Orang-orang menjadi
pahlawan karena ia mempunyai
bakat kepahlawanan dalam dirinya dan
karena bakat itu menemukan lingkungan yang memicu pertumbuhannya, kemudian
menemukan momentum
historis yang menjadikannya abadi. Setiap orang datang membawa bakat yang berbeda,
kemudian menemukan
lingkungan yang berbeda, dan kemudian menemukan momentum historis yang berbeda.
Betapa banyak orang
yang berbakat yang tidak menjadi
pahlawan, karena tidak menemukan lingkungan dan momentum historis yang
mengakomodasi bakatnya. Dan
betapa banyak orang yang hidup di tengah lingkungan dan momentum historis yang
memungkinkannya menjadi
pahlawan, tetapi mereka tidak juga menjadi
pahlawan. Karena mereka memang tidak berbakat.
Maka, keunikan
individual para pahlawan itu adalah keniscayaan
sejarah. Sebagian dari keunikan itu bersumber
dari bakatnya, sebagian yang lainnya bersumber
dari ruang dan waktu serta situasi-situasinya. Keharmonisan dan perpaduan
antara bakat, ruang, waktu
dan situasi adalah faktor utama yang mengantarkan seseorang kepada dunia kepahlawanan.
Inilah yang dimaksud
Allah SWT, "Setiap orang dimudahkan melakukan apa yang untuknya la diciptakan.
"
Maka, seseorang
kemudian dianggap pahlawan karena
ia melahirkan karya yang berbeda dari karya-karya orang lain. Sejarah tidak
mencatat pengulangan-pengulangan. Kecuali, untuk karya dalam
bidang yang sama
dengan kualitas yang tidak berbeda secara hirarkis, tetapi berbeda dalam situasinya.

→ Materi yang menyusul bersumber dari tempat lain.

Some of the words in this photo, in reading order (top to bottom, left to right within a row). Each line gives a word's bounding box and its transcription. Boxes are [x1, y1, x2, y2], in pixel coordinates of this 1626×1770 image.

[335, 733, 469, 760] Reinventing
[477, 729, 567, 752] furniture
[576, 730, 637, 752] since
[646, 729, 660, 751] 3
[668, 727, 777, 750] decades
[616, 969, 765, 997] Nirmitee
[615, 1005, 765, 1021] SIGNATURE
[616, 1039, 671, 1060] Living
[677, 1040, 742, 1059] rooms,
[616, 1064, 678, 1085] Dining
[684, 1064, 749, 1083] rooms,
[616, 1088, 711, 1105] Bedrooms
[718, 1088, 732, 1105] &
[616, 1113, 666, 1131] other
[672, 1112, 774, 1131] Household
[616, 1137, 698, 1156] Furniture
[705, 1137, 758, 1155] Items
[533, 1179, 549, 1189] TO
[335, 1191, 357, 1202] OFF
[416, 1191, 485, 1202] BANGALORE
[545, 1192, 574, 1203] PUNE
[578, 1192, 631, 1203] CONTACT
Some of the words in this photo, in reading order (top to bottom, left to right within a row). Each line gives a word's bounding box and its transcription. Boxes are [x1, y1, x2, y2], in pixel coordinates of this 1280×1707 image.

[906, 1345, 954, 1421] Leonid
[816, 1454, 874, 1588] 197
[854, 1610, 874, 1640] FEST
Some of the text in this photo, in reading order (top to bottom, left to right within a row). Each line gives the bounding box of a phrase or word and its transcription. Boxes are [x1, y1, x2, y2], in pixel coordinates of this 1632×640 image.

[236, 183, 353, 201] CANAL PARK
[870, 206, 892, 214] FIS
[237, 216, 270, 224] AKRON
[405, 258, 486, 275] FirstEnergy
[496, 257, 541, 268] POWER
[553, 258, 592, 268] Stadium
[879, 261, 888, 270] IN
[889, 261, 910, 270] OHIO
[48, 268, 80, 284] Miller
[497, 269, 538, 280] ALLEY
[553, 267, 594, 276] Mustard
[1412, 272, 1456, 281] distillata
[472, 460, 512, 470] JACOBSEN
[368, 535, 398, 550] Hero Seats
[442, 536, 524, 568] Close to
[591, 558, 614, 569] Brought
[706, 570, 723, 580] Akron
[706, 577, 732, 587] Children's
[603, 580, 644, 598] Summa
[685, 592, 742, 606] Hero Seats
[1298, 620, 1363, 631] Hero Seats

Hal ini menyebabkan letak kepahlawanan
setiap orang selalu berbeda.
Jadi, justru
disinilah letak masalahnya. Menjadi unik adalah beban psikologis yang tidak semua
orang dapat memikulnya.
Ancaman bagi orang-orang yang unik adalah
isolasi, keterasingan, dan akhimya adalah kesepian. Sebab, tidak semua orang dapat
memahaminya. Ketika
Umar Bin Khattab menemukan bahwa ternyata Allah SWT membuka pintu kekayaan
dunia pada masa
khilafahnya, ia mulai cemas jangan-jangan itu bukan prestasi, tetapi
justru karena Allah ingin memisahkannya
dari kedua pendahulunya, Rasulullah saw
dan Abu Bakar. Sebab, Allah tidak membuka pintu kekayaan dunia pada kedua
masa itu.
Para pahlawan mukmin
sejati memahami kenyataan ini
dengan baik. Dibutuhkan suatu tekad dan keberanian moral untuk menembus tirai
kesalahpahaman publik dan lingkungan.
Itu pada tahap awalnya. Namun, dibutuhkan tekad dan keberanian yang lebih besar lagi
pada tahap selanjutnya.
Yaitu, tekad dan keberanian untuk "memaksakan"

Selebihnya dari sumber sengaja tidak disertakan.